* ASSIGNMENT: Once the pictures are set aside, transcribe each line of the listing exactly.

===== DATA FOR ANALYSIS

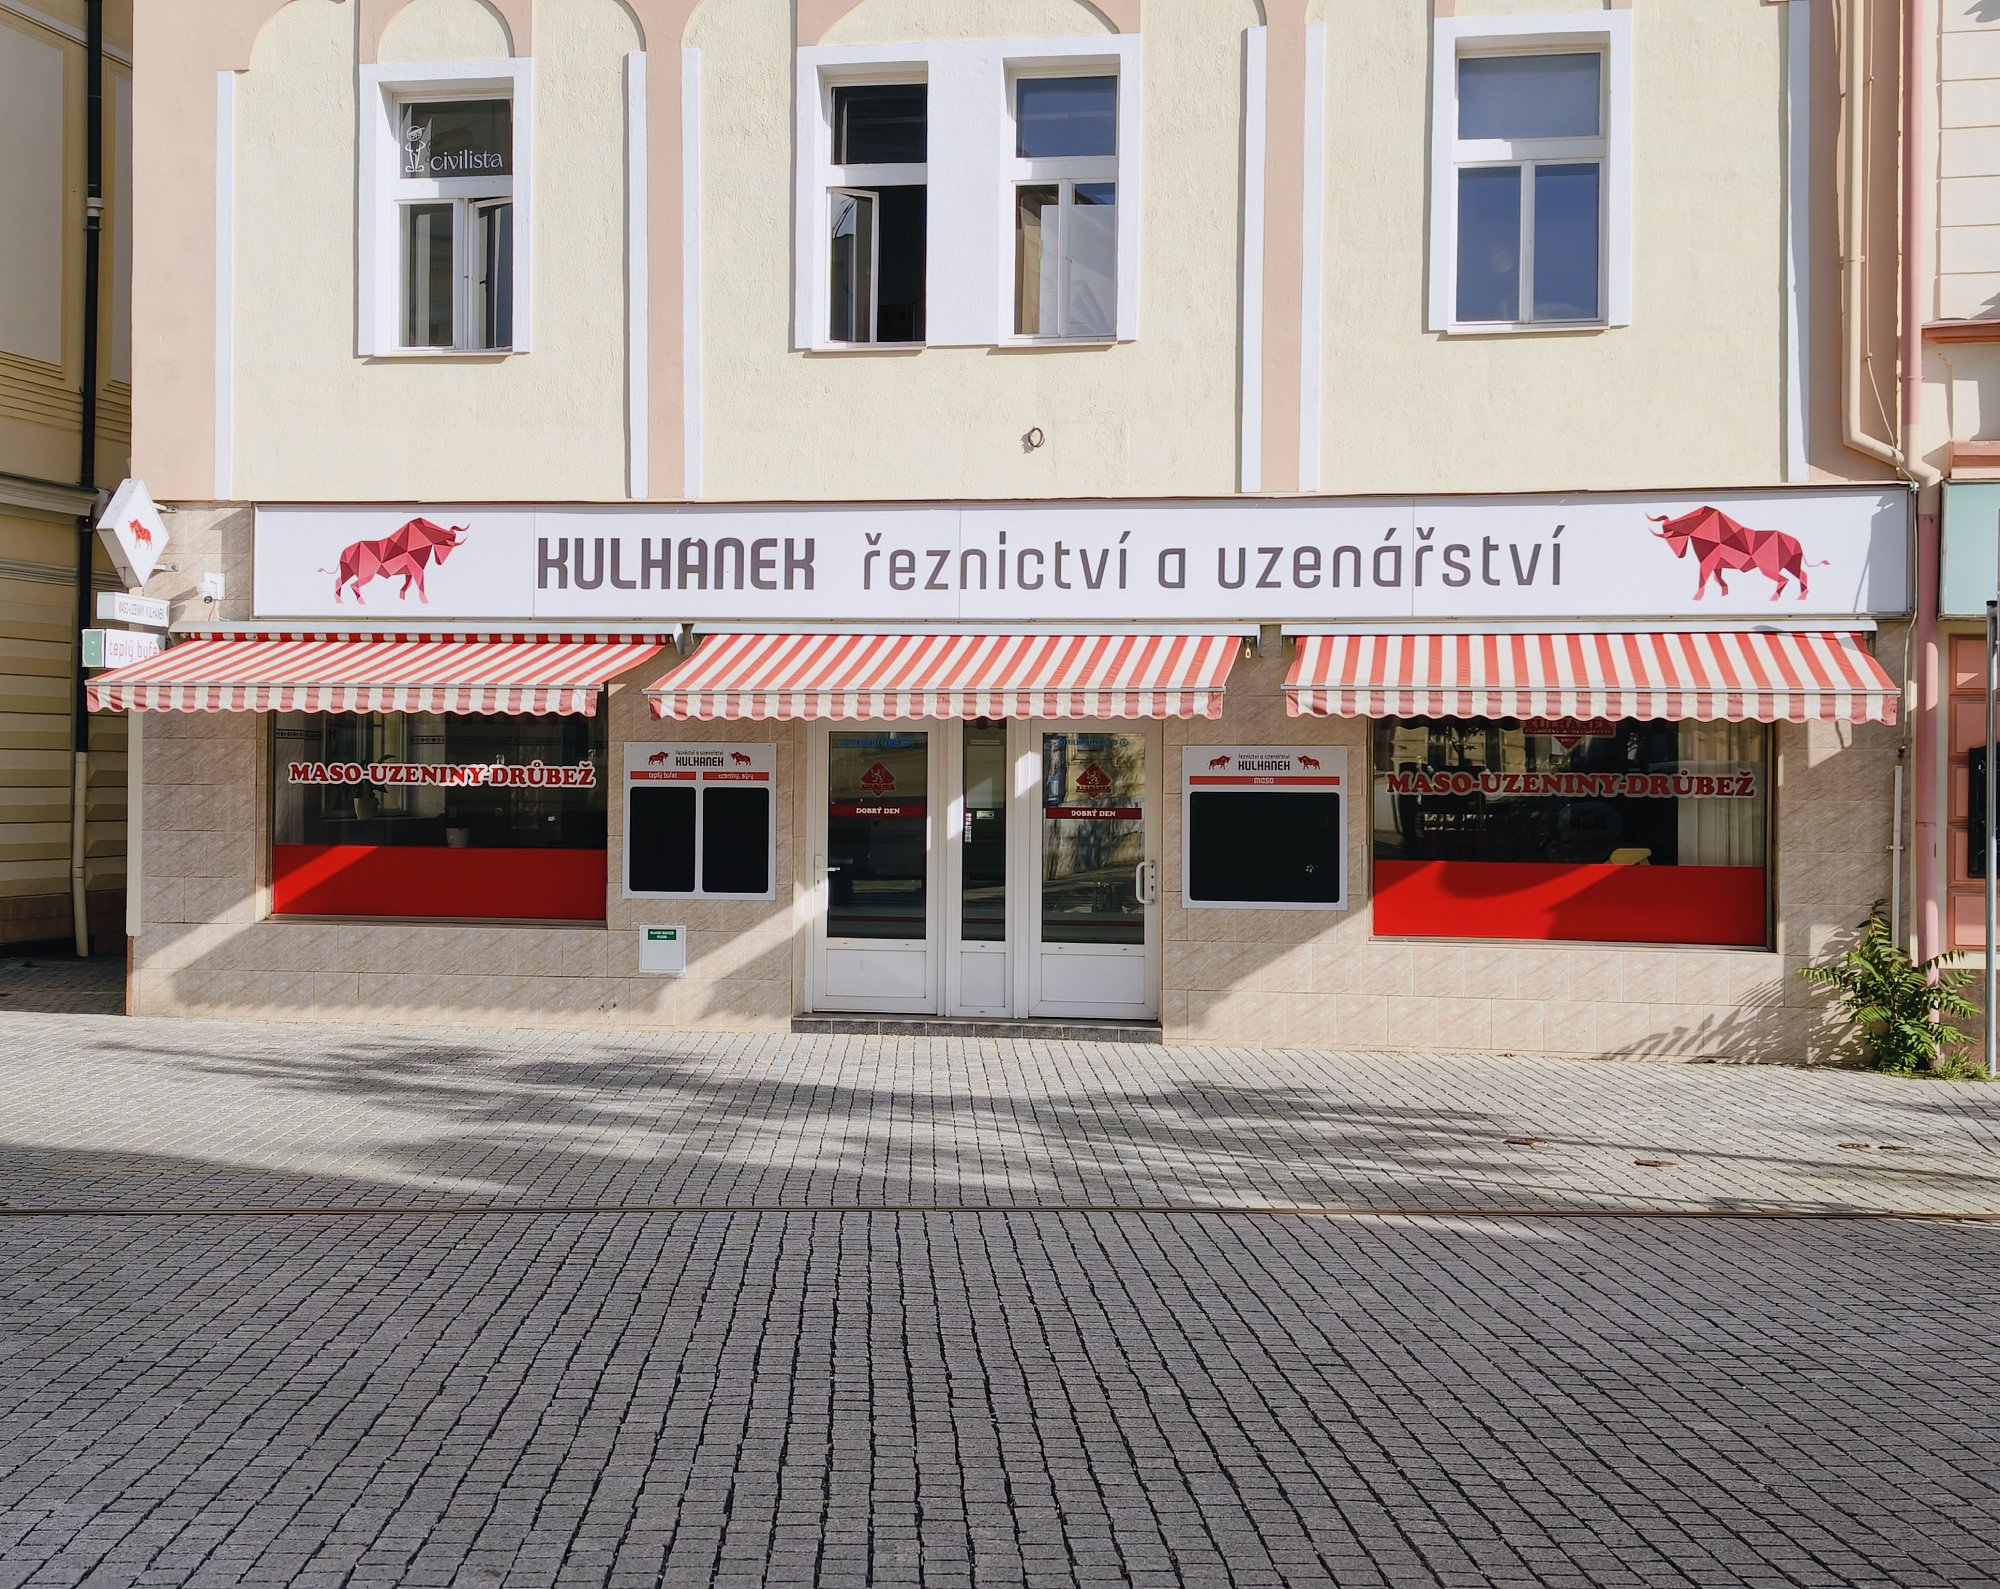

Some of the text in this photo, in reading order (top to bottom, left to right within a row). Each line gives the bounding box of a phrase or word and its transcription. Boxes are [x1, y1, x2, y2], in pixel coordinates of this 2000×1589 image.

[430, 149, 503, 171] civilista
[537, 525, 1566, 591] KULHANEK řeznictví a uzenářství
[109, 640, 161, 663] teplý bufe
[675, 756, 724, 767] KULHANEK
[1238, 760, 1290, 771] KULHANEK
[289, 760, 596, 788] MASO-UZENINY-DRŮBEŽ
[1386, 769, 1757, 798] MASO-UZENINY-DRŮBEŽ
[855, 806, 882, 814] DOBRÝ
[1071, 808, 1097, 817] DOBRÝ

==========

* REPLY:
Some of the text in this photo, in reading order (top to bottom, left to right within a row). Each line gives the bounding box of a phrase or word and its transcription. Boxes are [x1, y1, x2, y2], in pixel coordinates of this 2000×1589 image.

[430, 149, 503, 171] civilista
[537, 525, 1566, 591] KULHANEK řeznictví a uzenářství
[109, 640, 161, 663] teplý bufe
[675, 756, 724, 767] KULHANEK
[1238, 760, 1290, 771] KULHANEK
[289, 760, 596, 788] MASO-UZENINY-DRŮBEŽ
[1386, 769, 1757, 798] MASO-UZENINY-DRŮBEŽ
[855, 806, 882, 814] DOBRÝ
[1071, 808, 1097, 817] DOBRÝ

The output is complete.